Située au sud de la capitale de Québec, la Beauce est l’une des régions où arrivent chaque année quelques centaines de travailleurs mexicains et guatémaltèques. Daniel Mercier, qui a planté 40.000 sapins chaque saison pendant 40 ans, explique qu’il n’aurait pas pu se passer d’eux à partir des années 2010, lorsqu’il y a eu «un changement de mentalité et de démographie». «Je ne peux pas vous dire s’il faut huit Québécois pour remplacer un Mexicain, mais il en faut plusieurs, ça c’est certain», nous confie-t-il. Ces dernières années, son entreprise a d’ailleurs écoulé des sapins de Noël jusqu’au Mexique.

«C’est incroyable à quel point les Mexicains sont dévoués. Au début, je voulais faire travailler mes travailleurs 8h par jour et 5 jours par semaine, mais ils m’ont demandé s’ils pouvaient travailler 10h par jour et 6 jours par semaine. Je n’ai pas pu refuser […] Il y a une vraie pénurie de main-d’œuvre, mais il y aurait encore des Québécois disponibles. Les travailleurs étrangers sont le poumon économique de l’agriculture. Dans un avenir rapproché, le nombre de travailleurs saisonniers va doubler», poursuit l’entrepreneur beauceron. 

Certains organismes affirment pourtant que l’emploi de travailleurs étrangers représente dans certains cas une nouvelle forme d’exploitation au Canada.

Travailleurs étrangers: une nouvelle forme d’exploitation?

Ainsi, selon un rapport publié en 2017 par des membres de l’Université du Québec à Montréal, les pratiques de recrutement de certaines fermes imposent un mauvais climat de travail à certaines catégories de travailleurs guatémaltèques. En contractant une dette envers leur employeur à leur arrivée au Québec, des travailleurs se retrouvaient en conséquence dans une trop grande situation de dépendance envers eux.

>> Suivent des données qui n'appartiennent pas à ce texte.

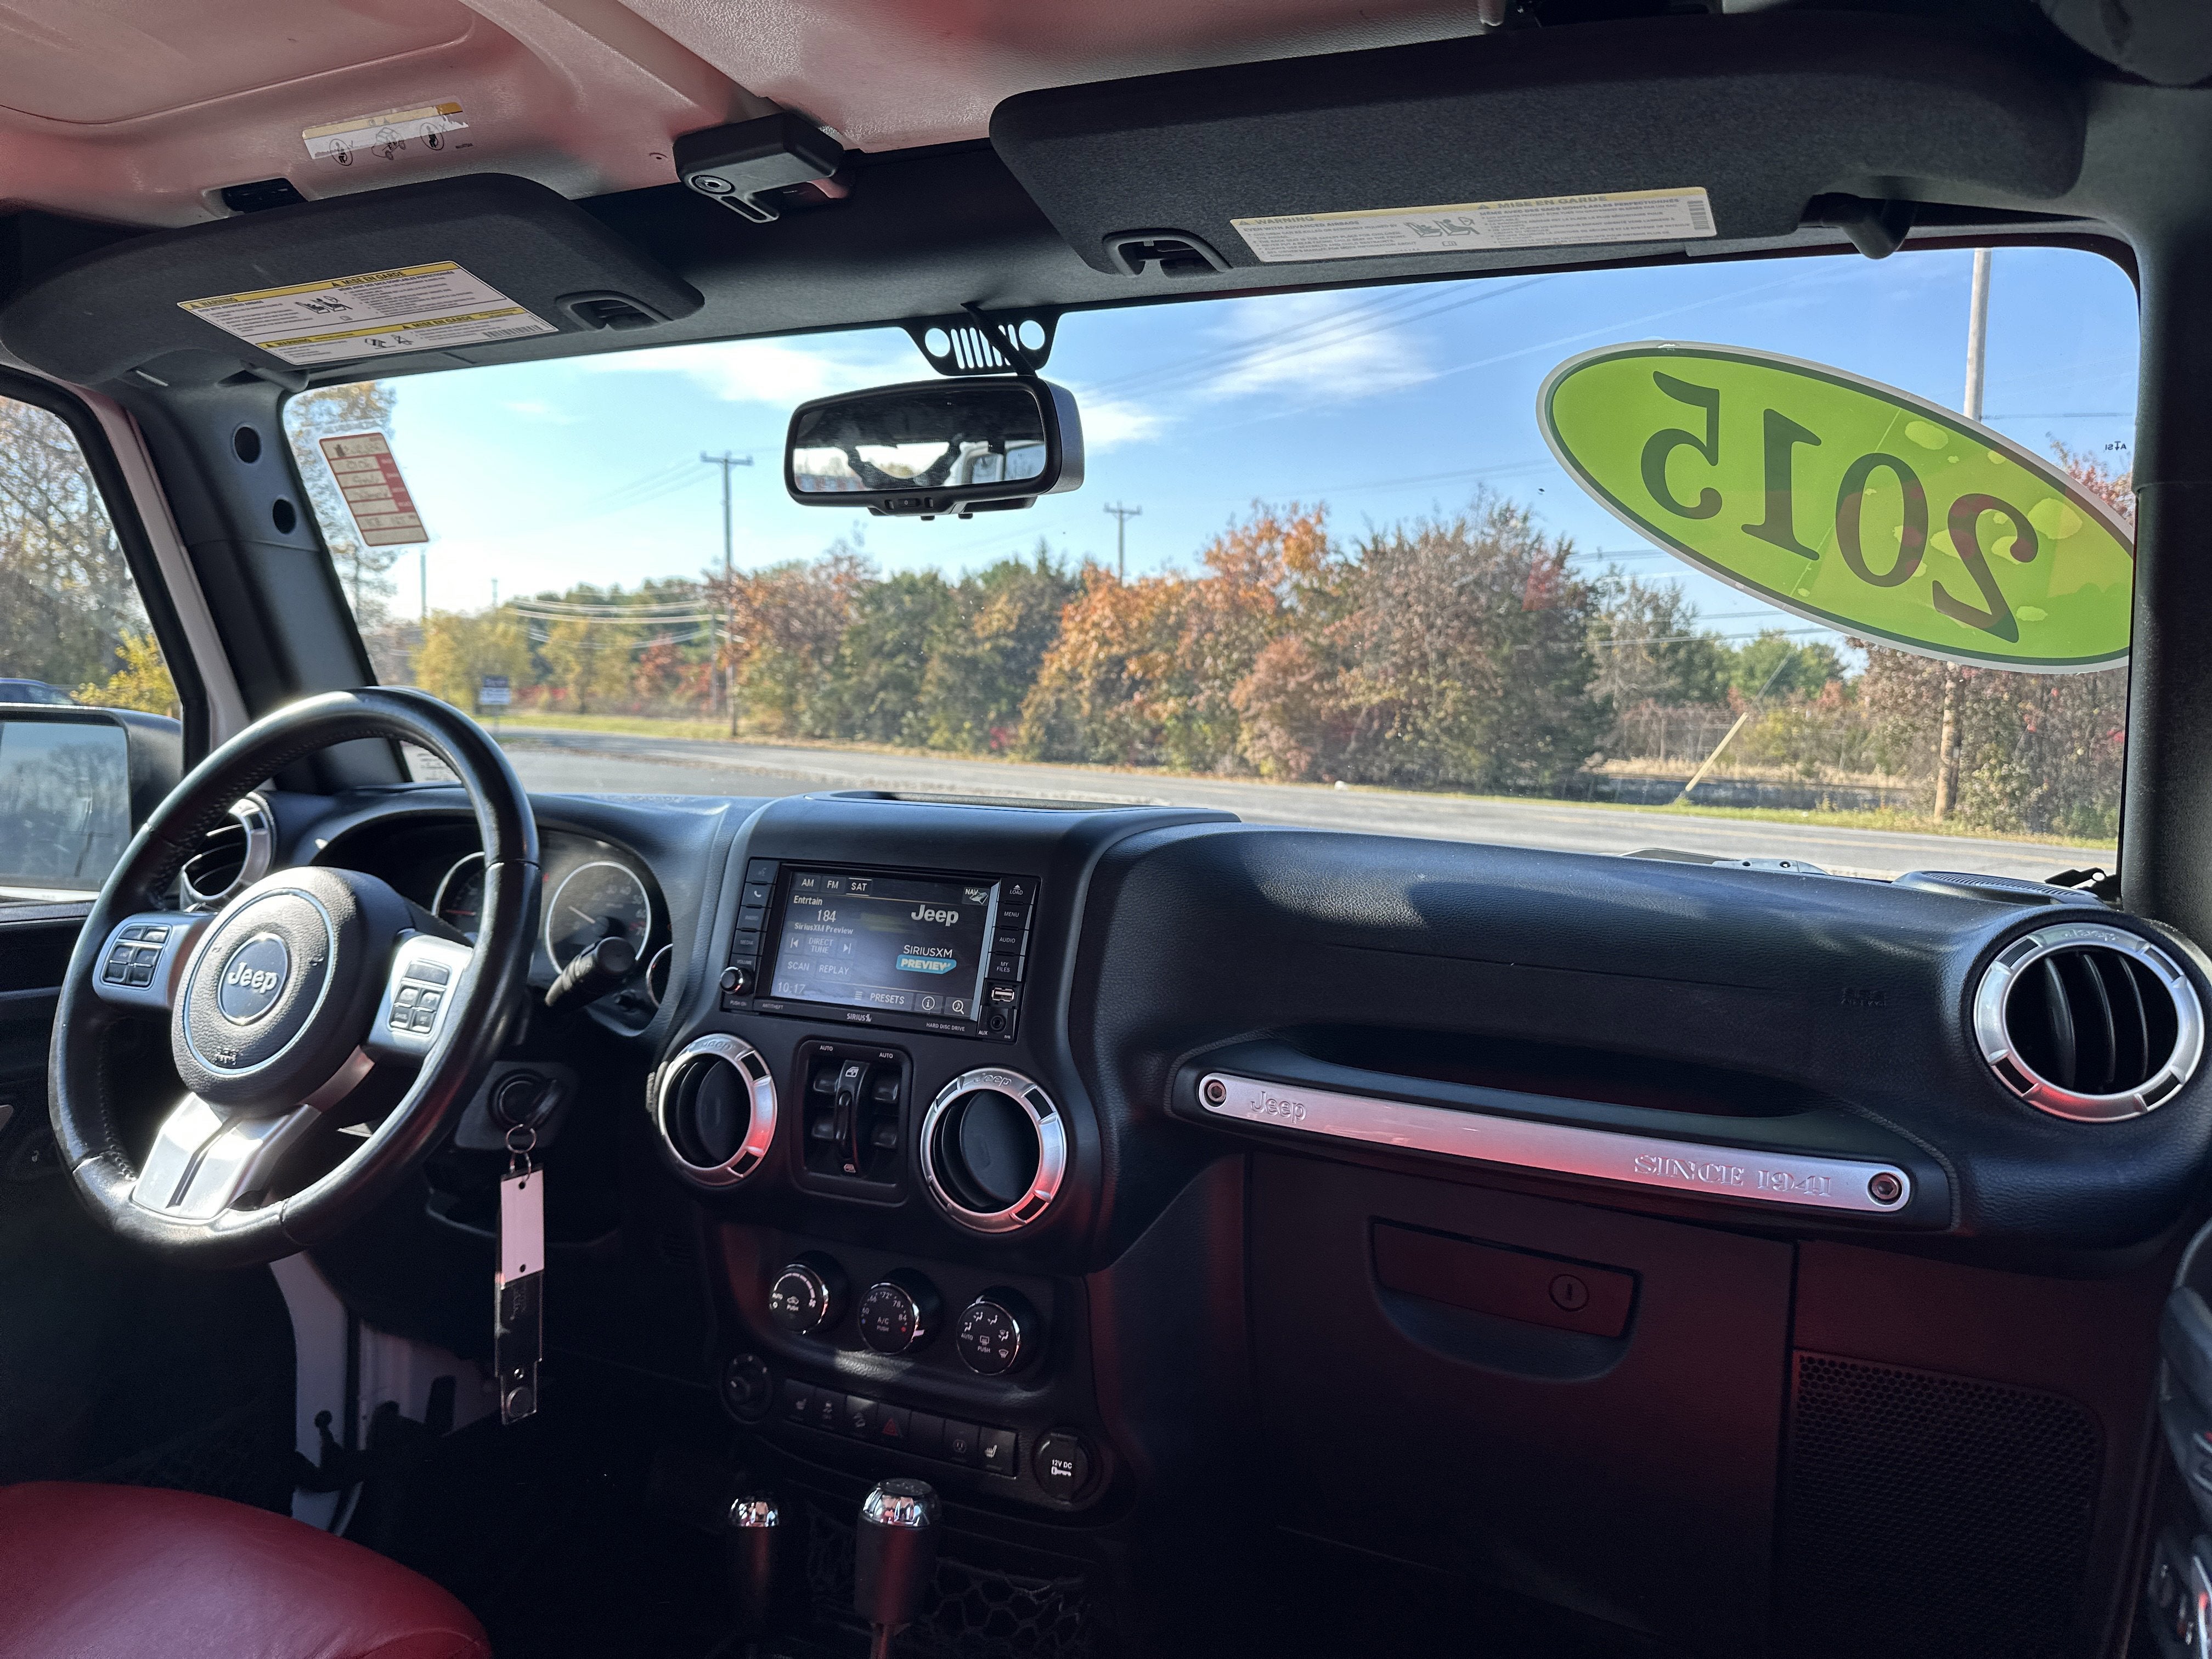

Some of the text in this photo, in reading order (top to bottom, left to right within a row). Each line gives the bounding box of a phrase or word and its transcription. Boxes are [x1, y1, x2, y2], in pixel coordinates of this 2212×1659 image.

[1256, 216, 1314, 225] WARNING
[341, 277, 363, 286] MISE
[376, 271, 407, 280] GARDE
[200, 297, 238, 307] WARNING
[412, 320, 433, 328] MISE
[447, 315, 473, 324] GARDE
[801, 878, 867, 891] AM FM SAT
[793, 895, 823, 905] Entrtain
[817, 909, 837, 922] 184
[911, 904, 959, 927] Jeep
[794, 922, 854, 935] SiriusXM Preview
[809, 937, 834, 946] DIRECT
[903, 944, 953, 958] SIRIUSXM
[787, 961, 810, 971] SCAN
[819, 964, 849, 975] REPLAY
[900, 958, 951, 971] PREVIEW
[228, 962, 277, 994] Jeep
[778, 981, 806, 994] 10:17
[870, 992, 905, 1005] PRESETS
[973, 1073, 1012, 1087] Jeep
[1250, 1091, 1306, 1125] Jeep
[1634, 1154, 1831, 1197] SINCE 1941
[882, 1291, 890, 1300] 72
[877, 1317, 889, 1325] A/C
[961, 1333, 974, 1341] AUTO
[1052, 1459, 1073, 1470] 12V DC

Avocat spécialisé en immigration, Maxime Lapointe rappelle toutefois que des règles strictes régissent le Programme des travailleurs étrangers temporaires du gouvernement fédéral, grâce auquel des étrangers peuvent venir travailler au pays de l’érable.

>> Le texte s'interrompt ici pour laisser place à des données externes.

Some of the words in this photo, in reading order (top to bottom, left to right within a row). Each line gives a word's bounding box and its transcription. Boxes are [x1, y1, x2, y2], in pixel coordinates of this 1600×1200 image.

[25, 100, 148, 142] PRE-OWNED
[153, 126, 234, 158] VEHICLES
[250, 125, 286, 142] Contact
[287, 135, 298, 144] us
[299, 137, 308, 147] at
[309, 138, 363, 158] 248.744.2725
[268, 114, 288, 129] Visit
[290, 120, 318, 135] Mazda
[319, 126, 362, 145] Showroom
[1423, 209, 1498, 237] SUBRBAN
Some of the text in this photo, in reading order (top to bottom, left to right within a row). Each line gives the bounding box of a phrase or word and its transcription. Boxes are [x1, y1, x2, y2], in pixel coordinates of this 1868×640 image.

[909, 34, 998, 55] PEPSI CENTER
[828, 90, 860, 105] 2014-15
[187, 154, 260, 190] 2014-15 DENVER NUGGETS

«C’est important que beaucoup de surveillance soit faite. Les employeurs ont de nombreuses obligations. Les employeurs doivent notamment leur fournir un logement selon certaines exigences. […] Le Programme des travailleurs étrangers temporaires oblige les employeurs à fournir un salaire équivalent à celui qu’ils verseraient aux Québécois», précise l’avocat basé à Québec.

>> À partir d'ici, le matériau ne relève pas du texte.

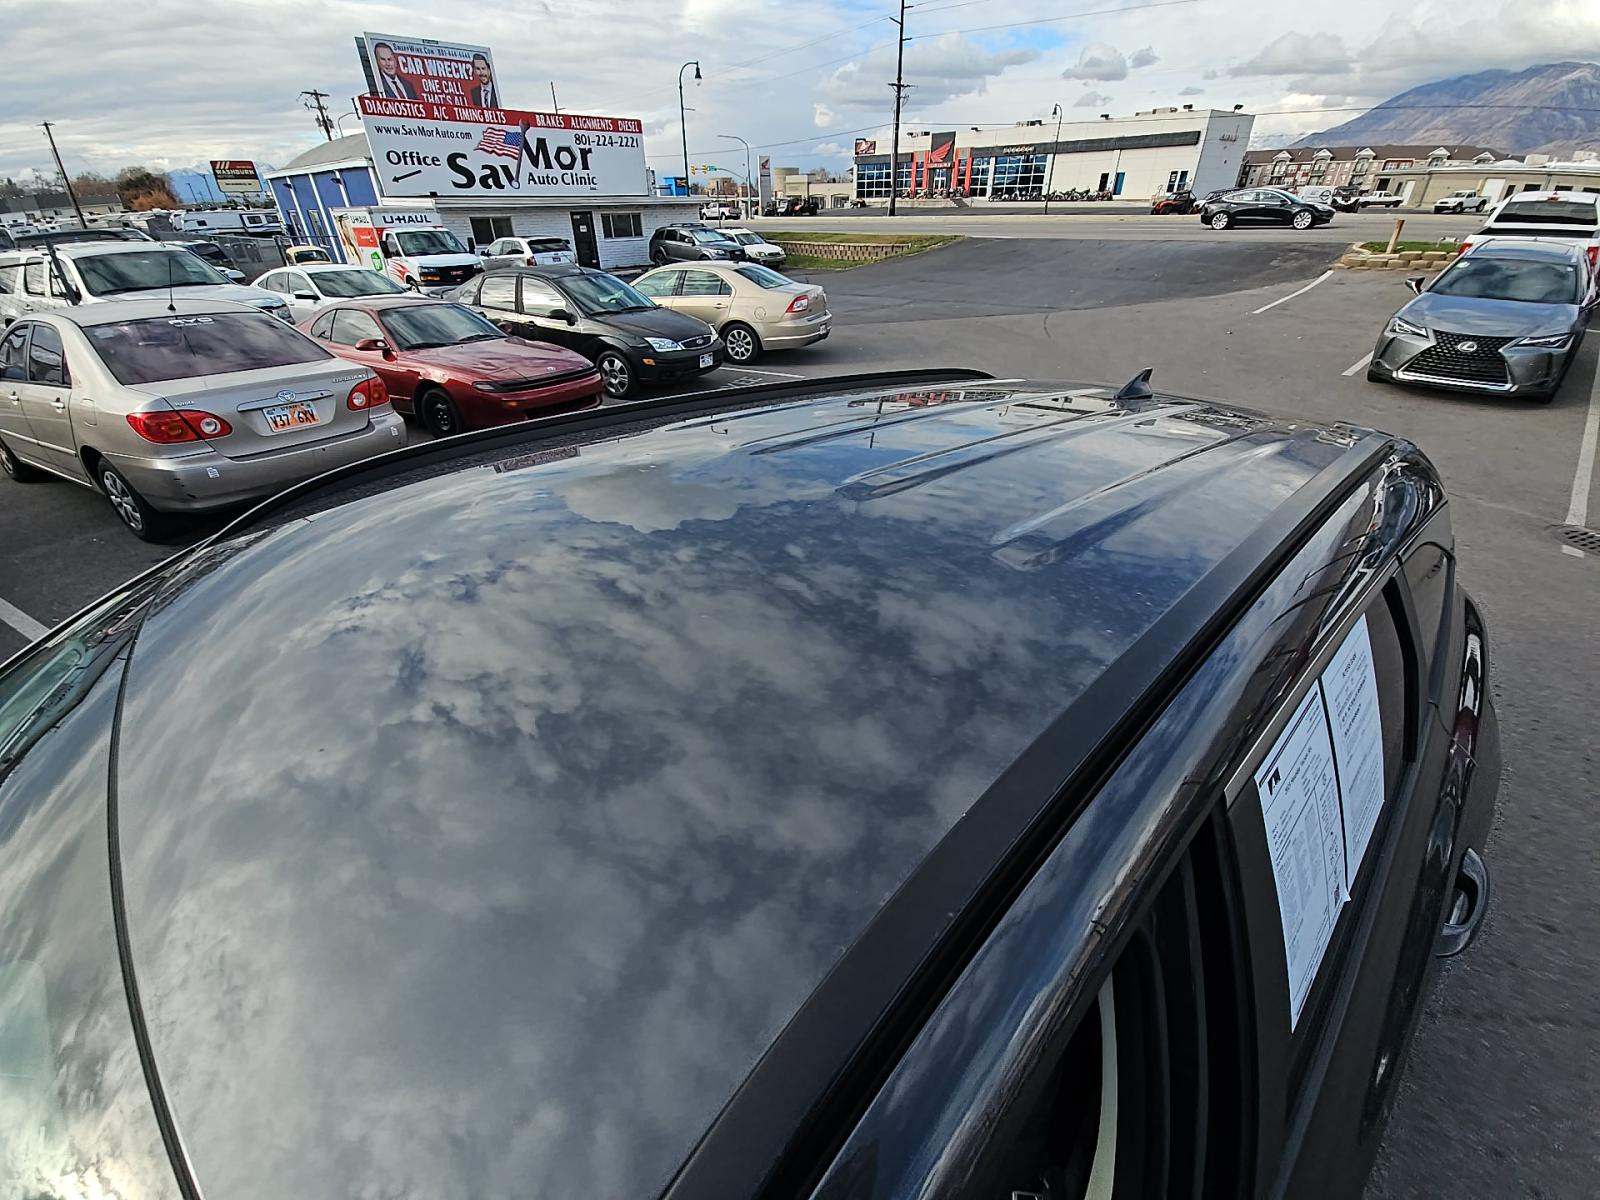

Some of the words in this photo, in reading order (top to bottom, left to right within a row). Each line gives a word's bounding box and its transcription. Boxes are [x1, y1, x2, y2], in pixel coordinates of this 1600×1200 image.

[397, 56, 424, 75] CAR
[424, 58, 473, 80] WRECK?
[422, 79, 441, 92] ONE
[442, 80, 464, 95] CALL
[421, 93, 453, 105] THAT'S
[453, 96, 469, 107] ALL
[364, 100, 426, 117] DIAGNOSTICS
[433, 106, 449, 119] A/C
[454, 107, 483, 122] TIMING
[484, 108, 506, 124] BELTS
[535, 114, 565, 128] BRAKES
[571, 117, 613, 131] ALIGNMENTS
[618, 120, 639, 132] DIESEL
[374, 125, 473, 140] www.SavMorAuto.com
[574, 133, 639, 148] 801-224-2221
[385, 150, 441, 166] Office
[527, 173, 558, 185] Auto
[561, 172, 598, 187] Clinic
[382, 214, 432, 224] U-HAUL
[270, 413, 290, 429] V37
[297, 408, 317, 424] 6XV

Dans le contexte de la pandémie, le Premier ministre fédéral, Justin Trudeau, a lancé un vaste programme d’aide financière destiné aux personnes ayant perdu leur emploi. De nombreux producteurs locaux estiment qu’en rendant admissibles les étudiants à ce programme, Ottawa nuit encore davantage à l’embauche de citoyens canadiens par les producteurs agricoles. Le fédéral permettra aux étudiants d’empocher un montant de 1.250 dollars canadiens (818 euros) par mois au lieu d’avoir à travailler cet été.

Toutefois, selon Roméo Bouchard, l’un des leaders du mouvement démondialiste au Québec, «la problématique des travailleurs saisonniers est aussi liée au modèle industriel adopté par les grands joueurs de l’industrie».

«Si les Québécois ne veulent plus travailler, c’est aussi parce que les conditions de travail sont celles du modèle de la mondialisation qui tend à baisser les salaires. Les Québécois qui travaillent encore dans le domaine se retrouvent souvent dans les petites exploitations alternatives», observe Roméo Bouchard.